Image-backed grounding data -
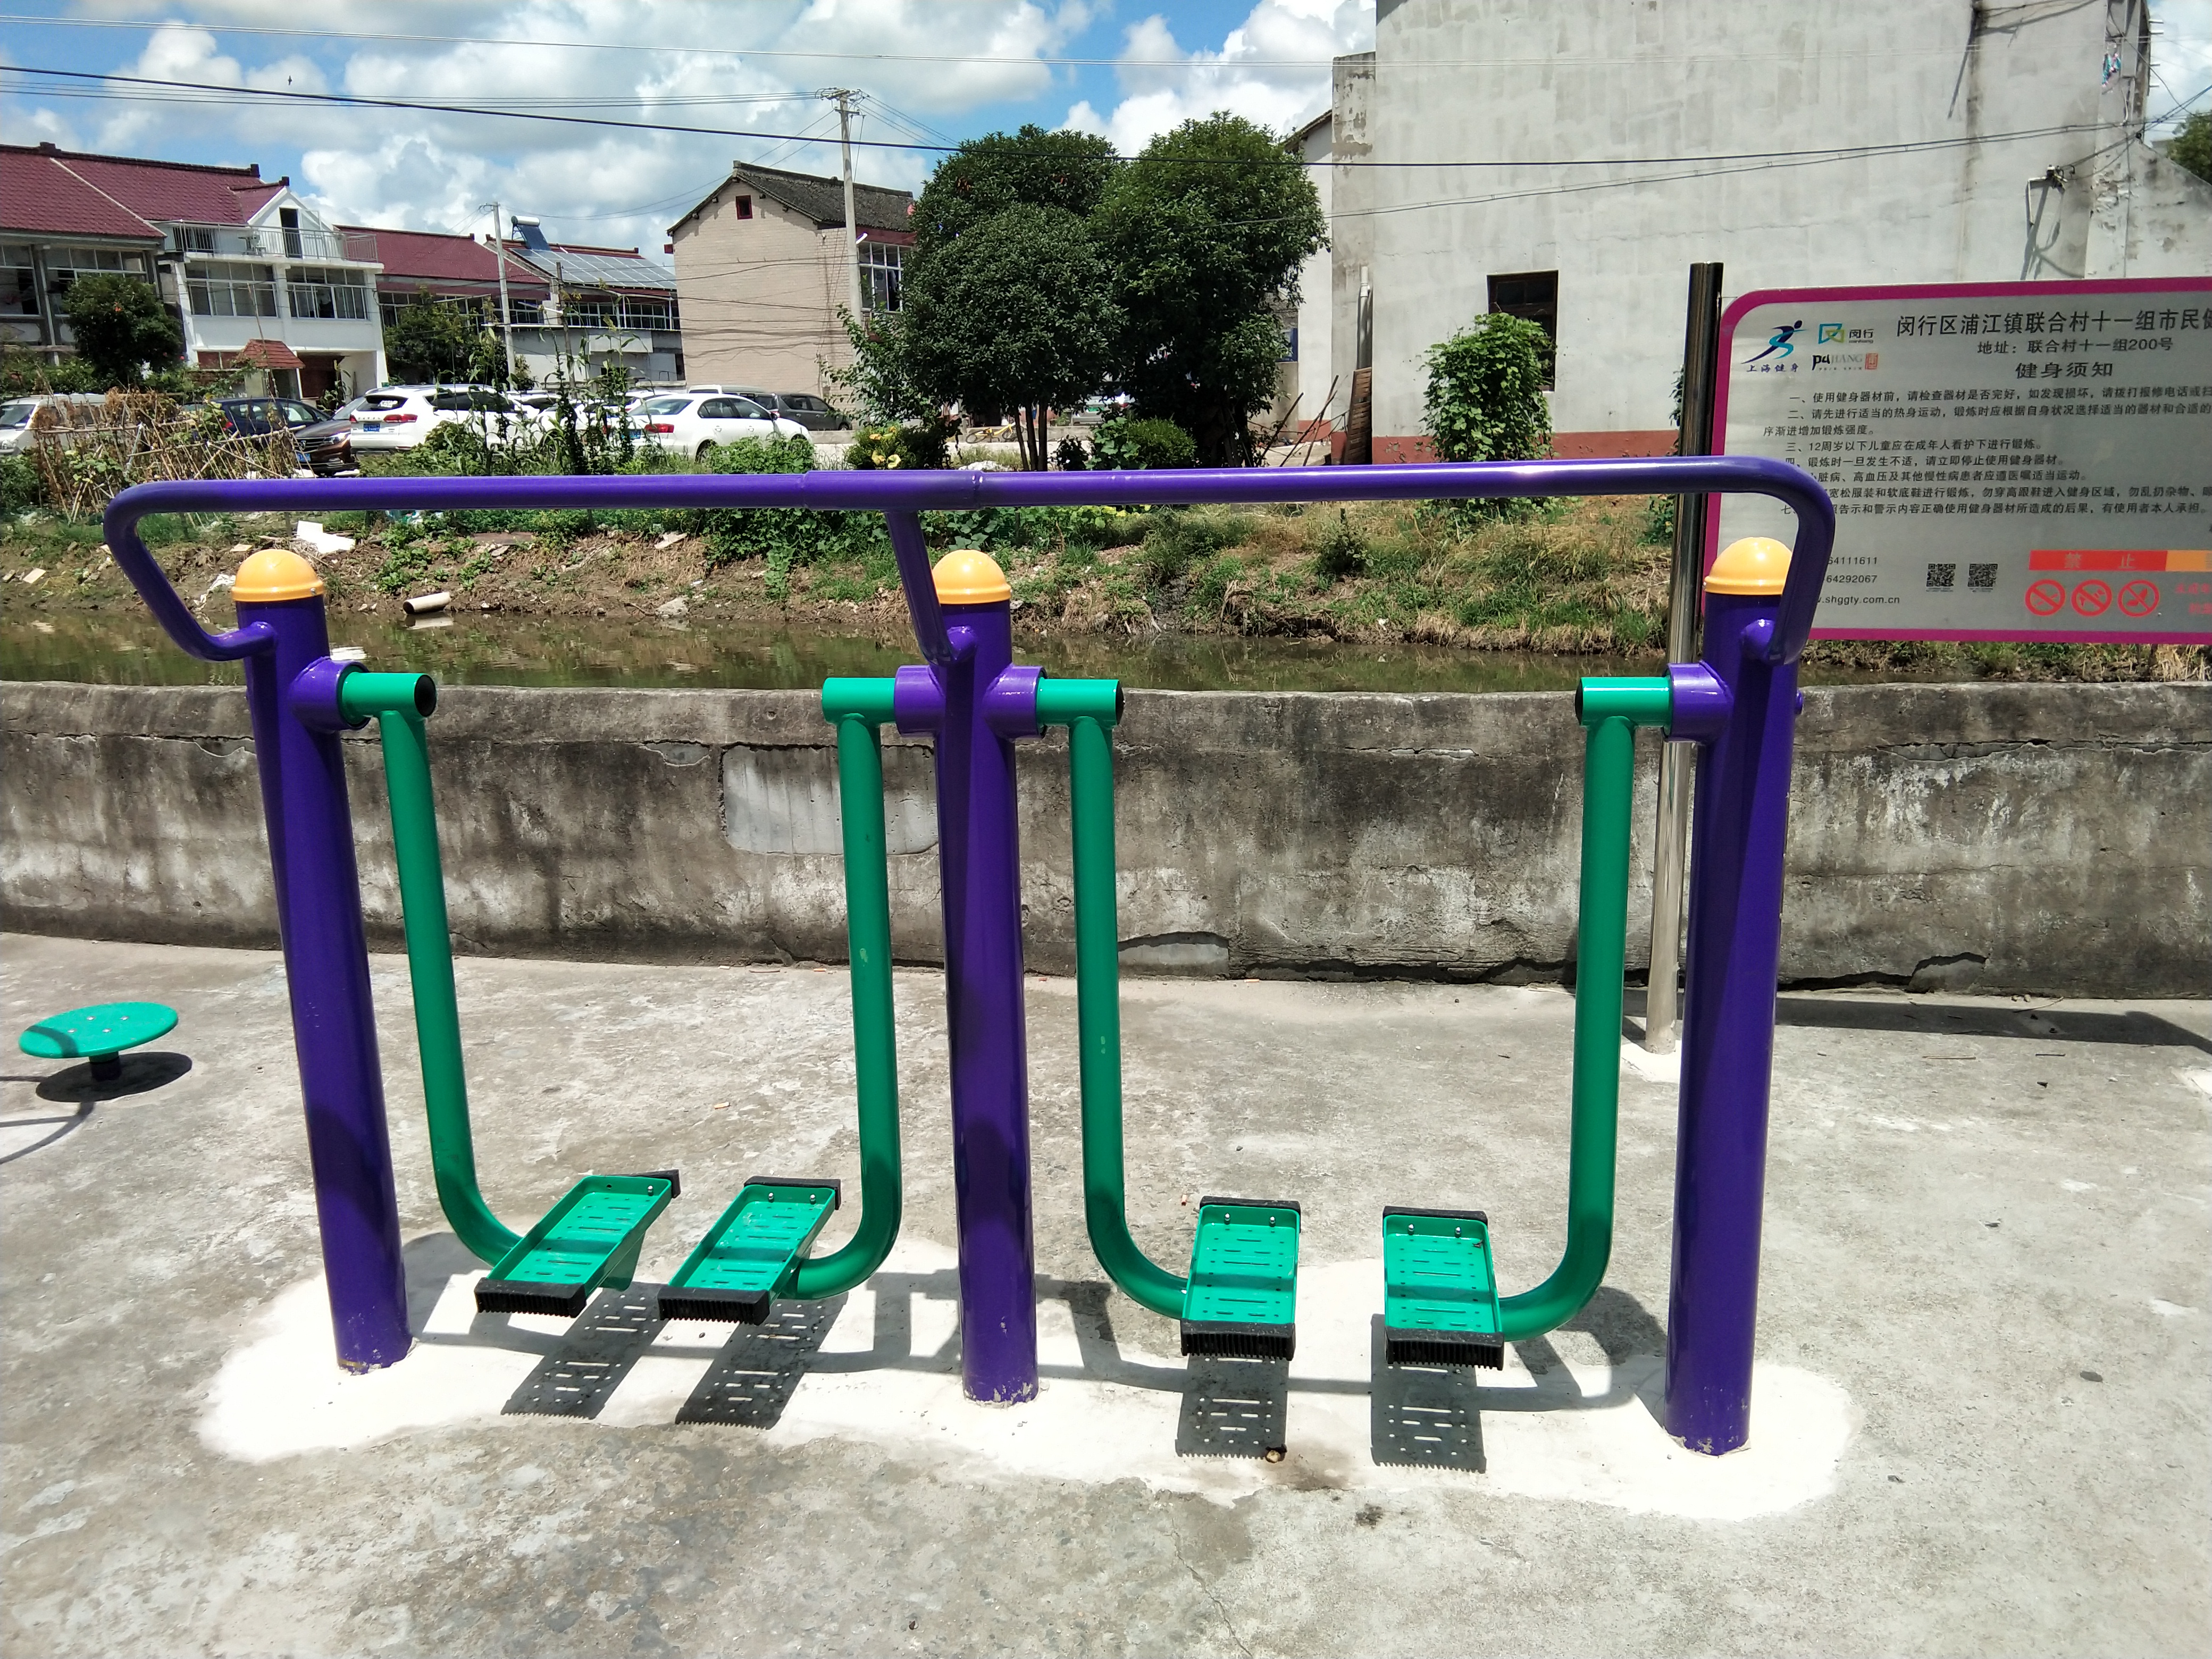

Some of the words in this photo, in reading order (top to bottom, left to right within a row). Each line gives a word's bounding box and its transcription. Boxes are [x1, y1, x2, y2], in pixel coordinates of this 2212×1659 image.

[1849, 329, 1874, 339] 闵行
[2015, 362, 2113, 379] 健身须知
[1763, 424, 1873, 437] 序渐进增加锻炼强度。
[1786, 438, 2041, 452] 三、12周岁以下儿童应在成年人看护下进行锻炼。
[2065, 552, 2136, 570] 禁止
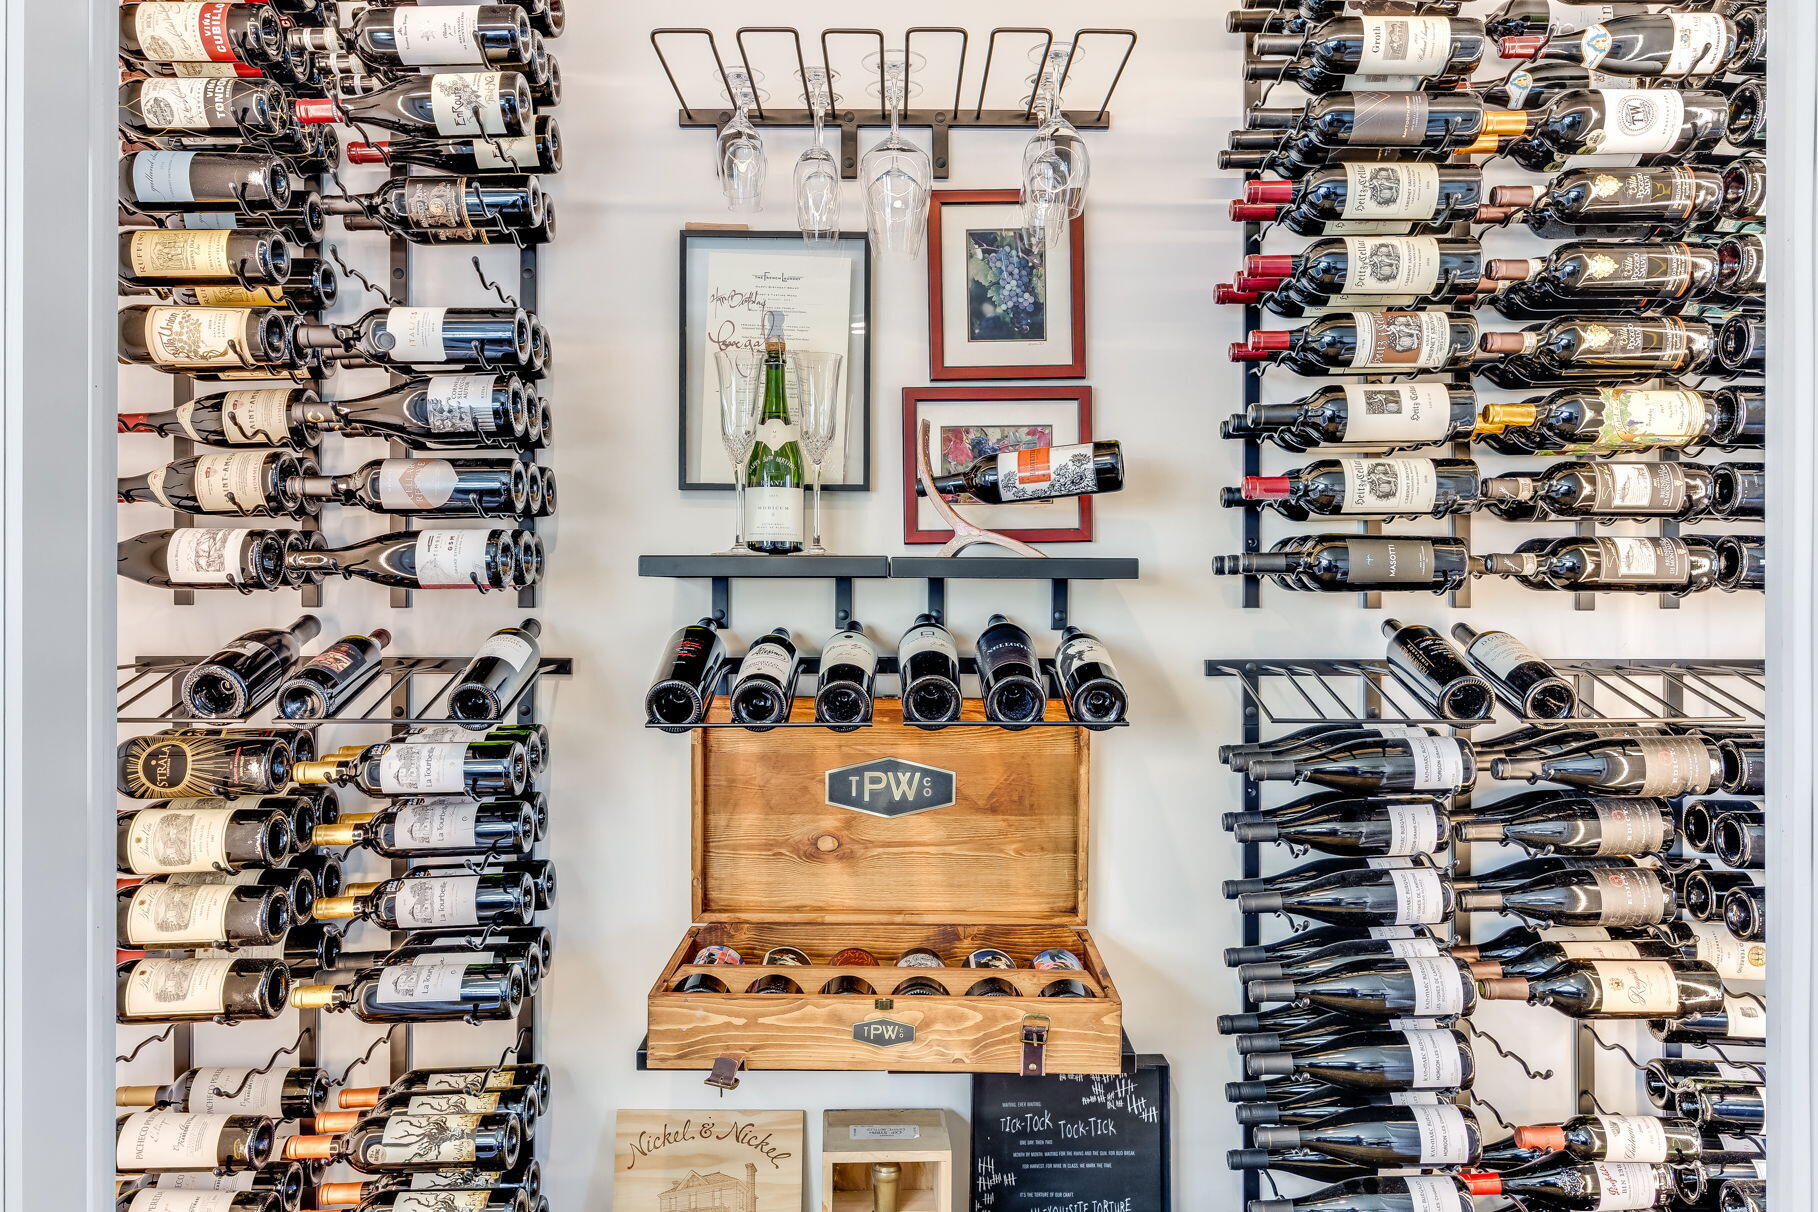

Goal of the exercise - Type the entries again verbatim. Any pictures should be skipped.

Exercise response -
Some of the words in this photo, in reading order (top to bottom, left to right within a row). Each line gives a word's bounding box and its transcription. Boxes are [x1, y1, x2, y2], in pixel coordinates of this 2212×1659 image.

[1849, 329, 1874, 339] 闵行
[2015, 362, 2113, 379] 健身须知
[1763, 424, 1873, 437] 序渐进增加锻炼强度。
[1786, 438, 2041, 452] 三、12周岁以下儿童应在成年人看护下进行锻炼。
[2065, 552, 2136, 570] 禁止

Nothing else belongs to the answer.